Without such data, it is not possible to give a reasonable assessment of social impact or cost estimates, as well as the effect on traffic flow, business and air quality. It is worrying is this project was nevertheless put on the people’s doorstep.

A road apart

The project’s leading exponents are the Municipality of Beirut and the Council for Development and Reconstruction (CDR). The municipality owns all streets in the capital and is interested in having more roads to ease Beirut’s growing traffic problem. It denies that the Boutros road would ruin Ashrafieh’s Mar Mikhael neighborhood, saying the only way the project could be described as a failure is if it is not completed to its current specifications.
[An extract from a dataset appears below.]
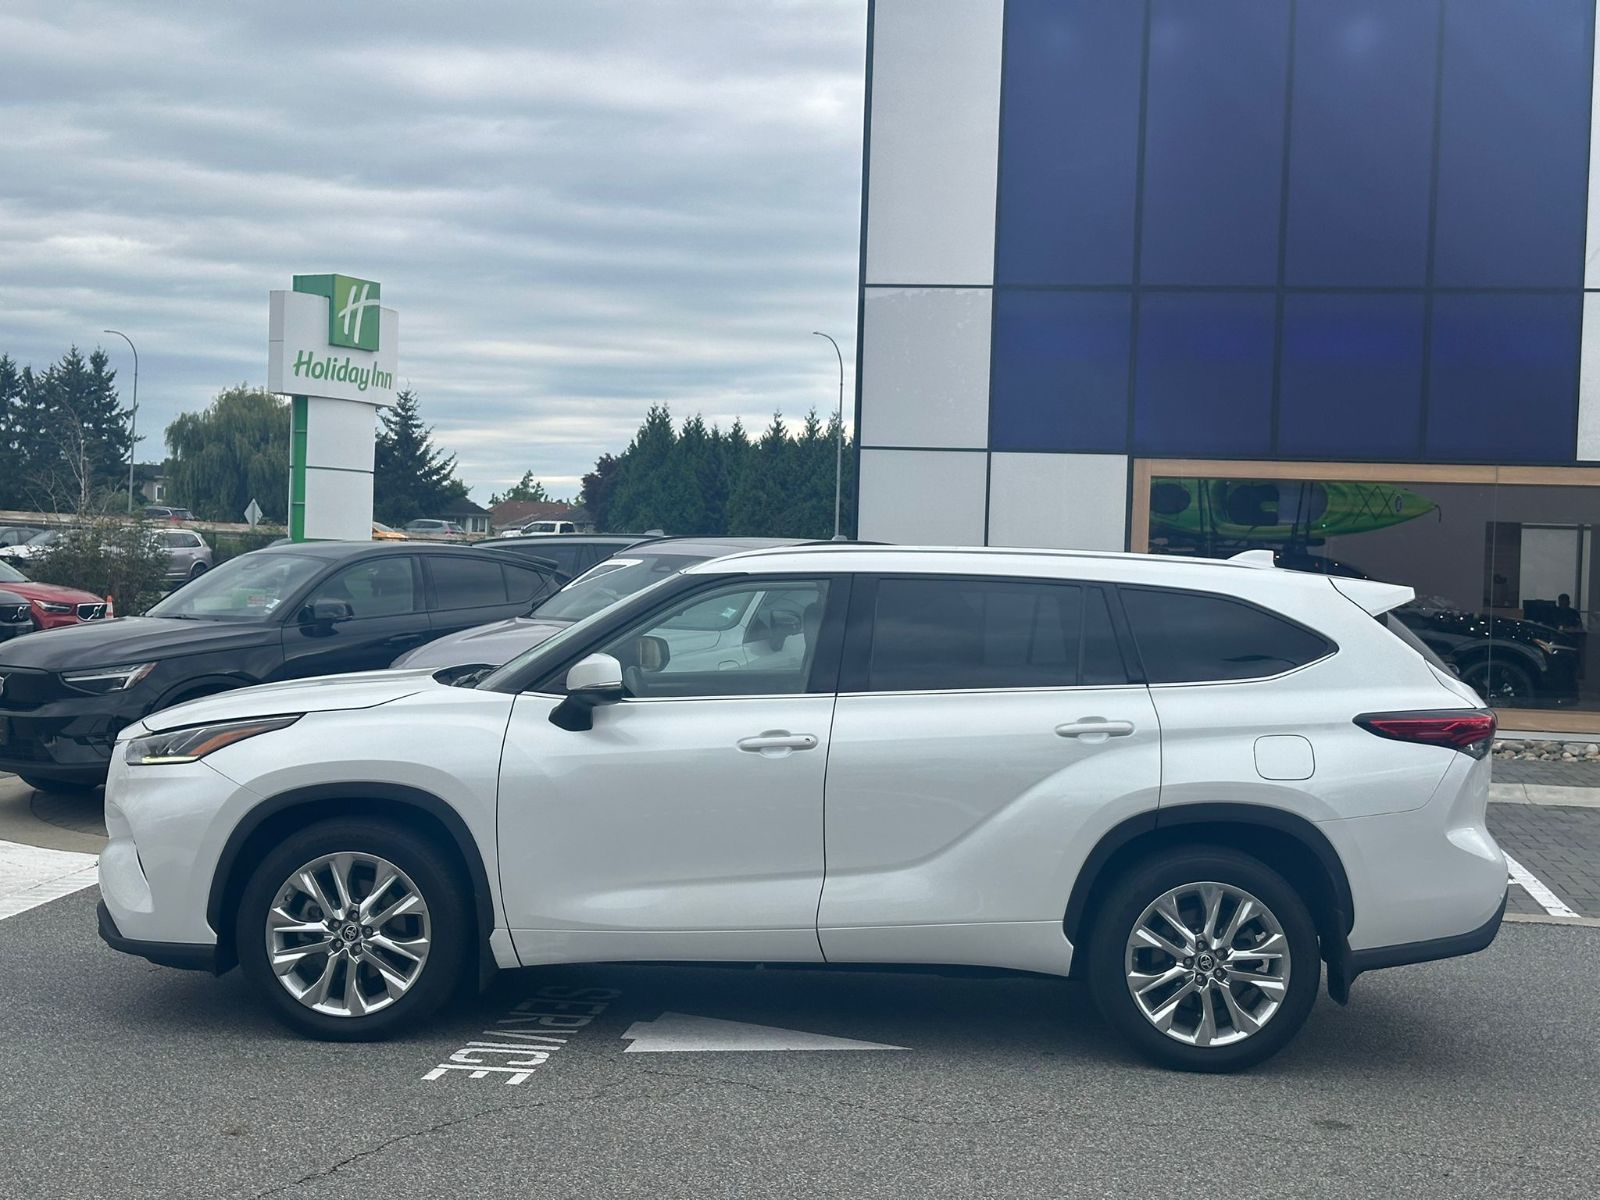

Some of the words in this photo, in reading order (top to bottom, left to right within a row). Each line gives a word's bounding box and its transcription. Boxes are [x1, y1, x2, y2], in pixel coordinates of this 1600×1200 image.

The CDR, as the governmental steward of the post-1992 master program to recover and expand various infrastructures in Lebanon, wants to do its job, which includes completion of the network of traffic arteries that are mapped out on its various blueprints dating back to a Greater Beirut Transportation Plan devised in the 1990s.

At the forefront of opposition to the Boutros project are two conservationist civil society organizations, the Association for the Protection of Lebanese Heritage (APLH) and Save Beirut Heritage (SBH), and a newly formed group named after the two neighborhoods that will be most directly affected, the Civil Coalition Against the Hikmeh-Turk Link. They have succeeded in creating outrage and protest against what they describe as a highway project that will only make life worse for residents of east Beirut. Vigorously mobilizing media, the detractors have drawn enough attention to their case that MP Nadim Gemayel, one of the deputies representing Ashrafieh, tells Executive, “[Members of Parliament] will not accept [any action] if there is a huge opposition about this and if the residents [of Ashrafieh] are not beneficiaries of it.”

Driven out

Squeezed in the middle of the scenario are those residents, who have been barred from expressing their views in an educated discussion on the Boutros project because they have not been given the fact base for such a discussion.
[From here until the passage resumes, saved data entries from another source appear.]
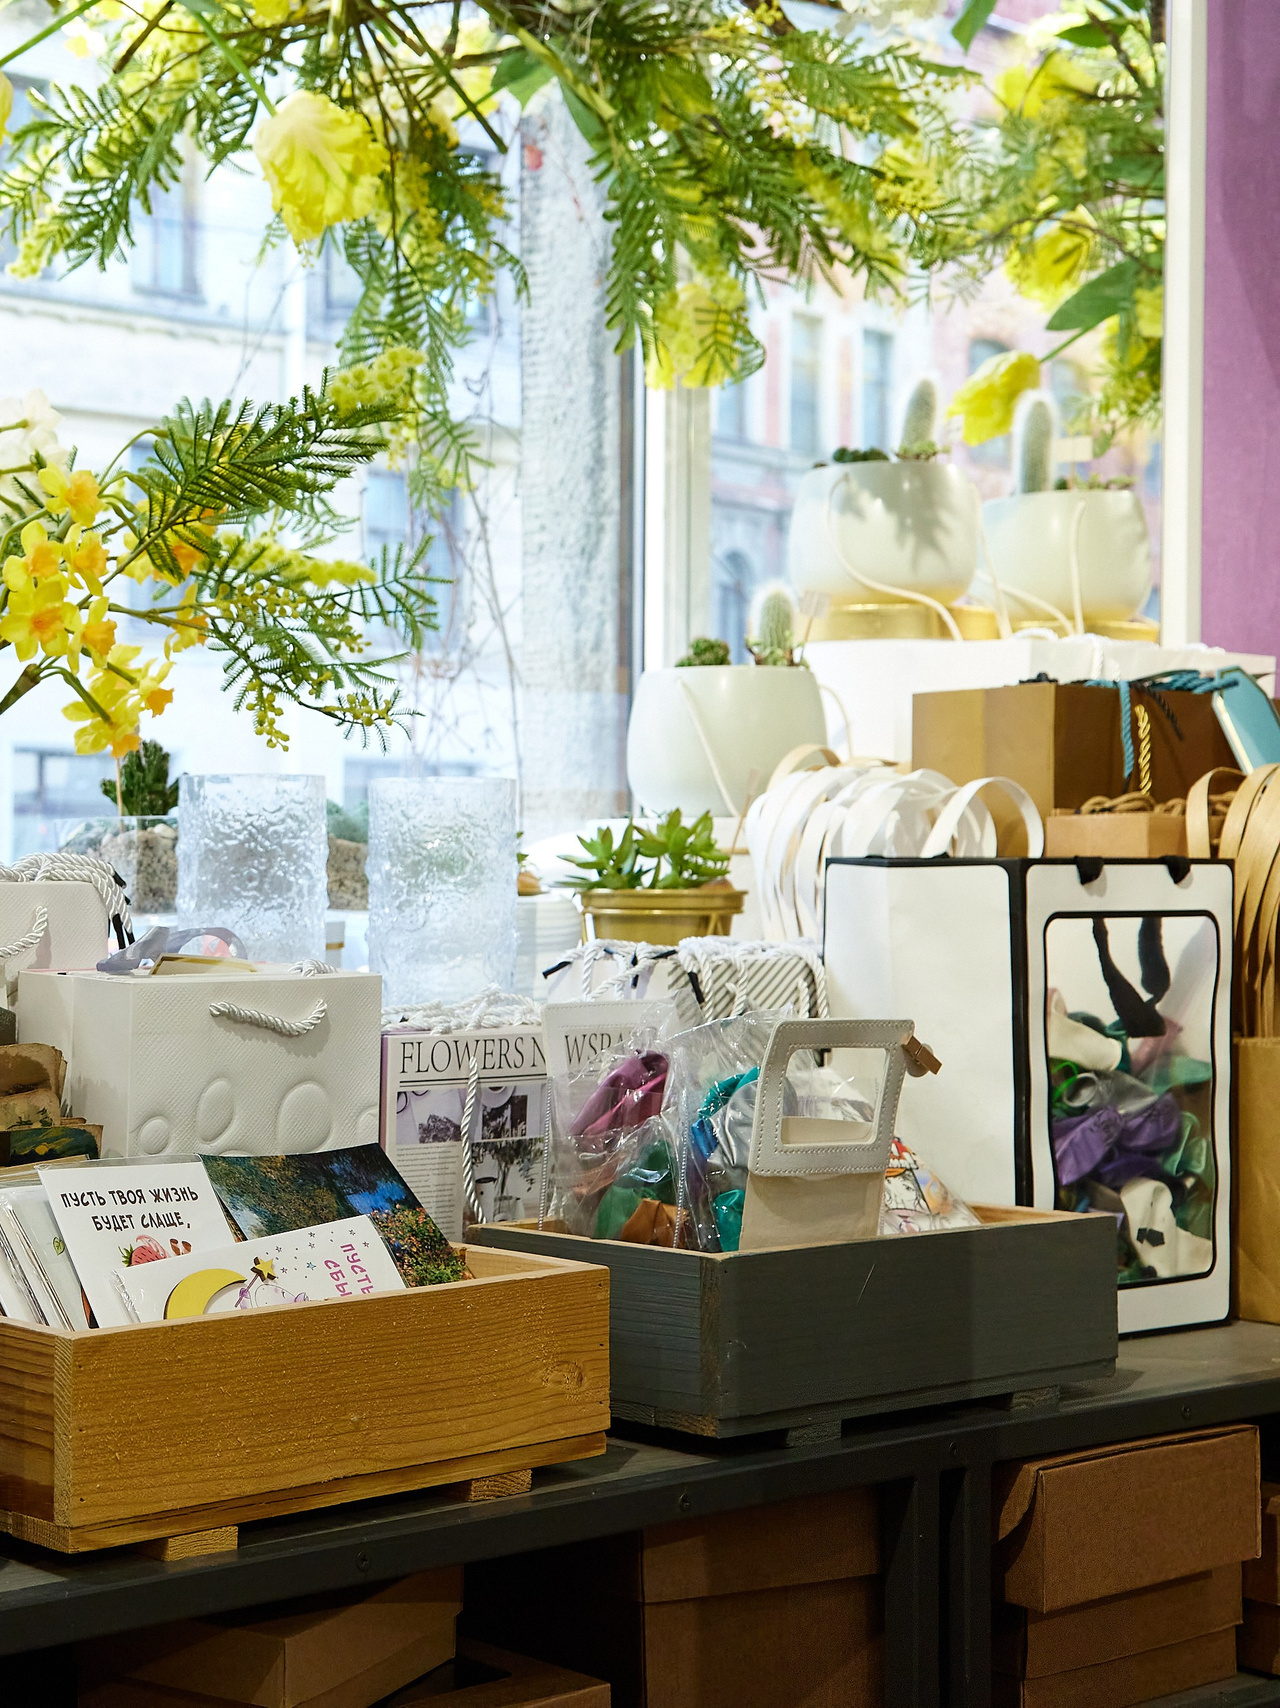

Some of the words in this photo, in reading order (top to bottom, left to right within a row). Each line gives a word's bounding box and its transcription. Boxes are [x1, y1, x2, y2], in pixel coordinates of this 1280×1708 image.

[399, 1036, 525, 1074] FLOWERS
[60, 1190, 107, 1208] ПУСТЬ
[108, 1188, 147, 1206] ТВОЯ
[148, 1186, 199, 1204] ЖИЗНЬ
[91, 1214, 135, 1232] БУДЕТ
[140, 1211, 191, 1229] СЛАЩЕ,
[340, 1243, 374, 1295] ПУСТЬ
Even residents along the route are in the dark about their fate. Two families living in the presumed construction path told Executive that they had received no official notices of a pending eviction, and that, if asked to leave, they would expect compensation.

The municipality’s legal reasoning is unambiguous. Along the first 540 meters of the route — between Charles Malek Avenue and Armenia Street — most properties have been expropriated and owners were partially compensated in the 1960s or 1970s. Squatters or renters living today in such properties will not receive any compensation, says Rachid Ashkar, a council member of the Municipality of Beirut and the head of its Committee on Transport and Lighting.

A map of the affected areas in Beirut

 

He tells Executive that owners of expropriated houses have a legal right to stay on on as long as construction of the Boutros project does not commence. The same is not true for renters because it was and still is illegal for owners to lease these properties after expropriation, but Ashkar admits that the municipality looked the other way when owners took on tenants. When the time comes to vacate these premises, however, non-owning residents will get no compensation from the government. “They had deals with the owners. We are not involved,” he says.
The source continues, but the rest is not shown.